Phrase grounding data

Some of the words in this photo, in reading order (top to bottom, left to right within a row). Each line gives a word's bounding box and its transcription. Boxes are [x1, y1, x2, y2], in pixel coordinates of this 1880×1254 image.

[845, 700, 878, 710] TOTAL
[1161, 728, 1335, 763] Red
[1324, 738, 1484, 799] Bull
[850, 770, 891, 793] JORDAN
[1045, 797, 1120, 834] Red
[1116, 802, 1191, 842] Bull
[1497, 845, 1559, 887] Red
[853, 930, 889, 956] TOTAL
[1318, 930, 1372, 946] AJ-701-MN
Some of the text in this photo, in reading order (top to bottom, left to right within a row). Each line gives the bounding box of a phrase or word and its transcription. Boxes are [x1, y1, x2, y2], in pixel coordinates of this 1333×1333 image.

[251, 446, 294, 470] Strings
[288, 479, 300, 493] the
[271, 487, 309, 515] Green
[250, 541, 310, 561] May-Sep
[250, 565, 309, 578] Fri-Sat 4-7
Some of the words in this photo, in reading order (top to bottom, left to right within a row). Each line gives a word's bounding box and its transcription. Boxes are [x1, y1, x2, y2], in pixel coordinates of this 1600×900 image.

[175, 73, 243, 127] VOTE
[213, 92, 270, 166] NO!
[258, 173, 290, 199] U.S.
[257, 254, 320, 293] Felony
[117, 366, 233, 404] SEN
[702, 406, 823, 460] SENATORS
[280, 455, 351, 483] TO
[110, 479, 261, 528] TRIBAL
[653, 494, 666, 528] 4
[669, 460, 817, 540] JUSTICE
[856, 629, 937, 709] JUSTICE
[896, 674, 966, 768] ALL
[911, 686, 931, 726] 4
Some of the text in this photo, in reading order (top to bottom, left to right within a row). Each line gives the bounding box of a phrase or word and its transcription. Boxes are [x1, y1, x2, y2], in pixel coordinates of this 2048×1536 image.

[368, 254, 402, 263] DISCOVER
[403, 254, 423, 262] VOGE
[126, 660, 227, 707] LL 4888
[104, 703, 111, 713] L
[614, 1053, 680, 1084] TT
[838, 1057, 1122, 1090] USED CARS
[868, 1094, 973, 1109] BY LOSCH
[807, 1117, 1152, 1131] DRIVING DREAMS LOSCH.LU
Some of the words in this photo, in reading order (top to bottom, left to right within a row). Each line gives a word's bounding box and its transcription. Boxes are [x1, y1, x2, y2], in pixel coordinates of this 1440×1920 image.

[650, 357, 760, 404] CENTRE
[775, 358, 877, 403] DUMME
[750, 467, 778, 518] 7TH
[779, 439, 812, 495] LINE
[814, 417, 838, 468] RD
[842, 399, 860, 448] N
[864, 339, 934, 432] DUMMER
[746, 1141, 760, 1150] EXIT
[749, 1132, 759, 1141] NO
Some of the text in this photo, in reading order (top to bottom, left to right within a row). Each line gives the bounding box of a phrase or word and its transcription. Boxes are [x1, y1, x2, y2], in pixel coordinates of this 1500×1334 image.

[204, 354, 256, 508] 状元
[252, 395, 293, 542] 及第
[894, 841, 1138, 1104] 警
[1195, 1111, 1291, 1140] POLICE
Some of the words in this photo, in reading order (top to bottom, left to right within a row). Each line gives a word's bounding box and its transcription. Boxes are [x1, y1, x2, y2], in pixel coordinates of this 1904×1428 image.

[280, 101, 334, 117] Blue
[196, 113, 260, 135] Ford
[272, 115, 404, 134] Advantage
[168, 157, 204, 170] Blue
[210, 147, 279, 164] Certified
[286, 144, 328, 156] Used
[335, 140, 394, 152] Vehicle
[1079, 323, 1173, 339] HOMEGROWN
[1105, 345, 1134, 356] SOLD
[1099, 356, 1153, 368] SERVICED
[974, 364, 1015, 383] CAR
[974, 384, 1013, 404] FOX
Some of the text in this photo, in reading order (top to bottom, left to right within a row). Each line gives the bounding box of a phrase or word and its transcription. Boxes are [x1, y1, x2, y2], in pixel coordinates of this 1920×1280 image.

[Instructions to follow] With every line kept whole, write out the records again exactly.

[Task solution]
Some of the words in this photo, in reading order (top to bottom, left to right within a row). Each line gives a word's bounding box and its transcription. Boxes are [x1, y1, x2, y2], in pixel coordinates of this 1880×1254 image.

[845, 700, 878, 710] TOTAL
[1161, 728, 1335, 763] Red
[1324, 738, 1484, 799] Bull
[850, 770, 891, 793] JORDAN
[1045, 797, 1120, 834] Red
[1116, 802, 1191, 842] Bull
[1497, 845, 1559, 887] Red
[853, 930, 889, 956] TOTAL
[1318, 930, 1372, 946] AJ-701-MN
Some of the text in this photo, in reading order (top to bottom, left to right within a row). Each line gives the bounding box of a phrase or word and its transcription. Boxes are [x1, y1, x2, y2], in pixel coordinates of this 1333×1333 image.

[251, 446, 294, 470] Strings
[288, 479, 300, 493] the
[271, 487, 309, 515] Green
[250, 541, 310, 561] May-Sep
[250, 565, 309, 578] Fri-Sat 4-7
Some of the words in this photo, in reading order (top to bottom, left to right within a row). Each line gives a word's bounding box and its transcription. Boxes are [x1, y1, x2, y2], in pixel coordinates of this 1600×900 image.

[175, 73, 243, 127] VOTE
[213, 92, 270, 166] NO!
[258, 173, 290, 199] U.S.
[257, 254, 320, 293] Felony
[117, 366, 233, 404] SEN
[702, 406, 823, 460] SENATORS
[280, 455, 351, 483] TO
[110, 479, 261, 528] TRIBAL
[653, 494, 666, 528] 4
[669, 460, 817, 540] JUSTICE
[856, 629, 937, 709] JUSTICE
[896, 674, 966, 768] ALL
[911, 686, 931, 726] 4
Some of the text in this photo, in reading order (top to bottom, left to right within a row). Each line gives the bounding box of a phrase or word and its transcription. Boxes are [x1, y1, x2, y2], in pixel coordinates of this 2048×1536 image.

[368, 254, 402, 263] DISCOVER
[403, 254, 423, 262] VOGE
[126, 660, 227, 707] LL 4888
[104, 703, 111, 713] L
[614, 1053, 680, 1084] TT
[838, 1057, 1122, 1090] USED CARS
[868, 1094, 973, 1109] BY LOSCH
[807, 1117, 1152, 1131] DRIVING DREAMS LOSCH.LU
Some of the words in this photo, in reading order (top to bottom, left to right within a row). Each line gives a word's bounding box and its transcription. Boxes are [x1, y1, x2, y2], in pixel coordinates of this 1440×1920 image.

[650, 357, 760, 404] CENTRE
[775, 358, 877, 403] DUMME
[750, 467, 778, 518] 7TH
[779, 439, 812, 495] LINE
[814, 417, 838, 468] RD
[842, 399, 860, 448] N
[864, 339, 934, 432] DUMMER
[746, 1141, 760, 1150] EXIT
[749, 1132, 759, 1141] NO
Some of the text in this photo, in reading order (top to bottom, left to right within a row). Each line gives the bounding box of a phrase or word and its transcription. Boxes are [x1, y1, x2, y2], in pixel coordinates of this 1500×1334 image.

[204, 354, 256, 508] 状元
[252, 395, 293, 542] 及第
[894, 841, 1138, 1104] 警
[1195, 1111, 1291, 1140] POLICE
Some of the words in this photo, in reading order (top to bottom, left to right within a row). Each line gives a word's bounding box and its transcription. Boxes are [x1, y1, x2, y2], in pixel coordinates of this 1904×1428 image.

[280, 101, 334, 117] Blue
[196, 113, 260, 135] Ford
[272, 115, 404, 134] Advantage
[168, 157, 204, 170] Blue
[210, 147, 279, 164] Certified
[286, 144, 328, 156] Used
[335, 140, 394, 152] Vehicle
[1079, 323, 1173, 339] HOMEGROWN
[1105, 345, 1134, 356] SOLD
[1099, 356, 1153, 368] SERVICED
[974, 364, 1015, 383] CAR
[974, 384, 1013, 404] FOX
Some of the text in this photo, in reading order (top to bottom, left to right within a row). Each line gives the bounding box of a phrase or word and its transcription. Boxes are [x1, y1, x2, y2], in pixel coordinates of this 1920×1280 image.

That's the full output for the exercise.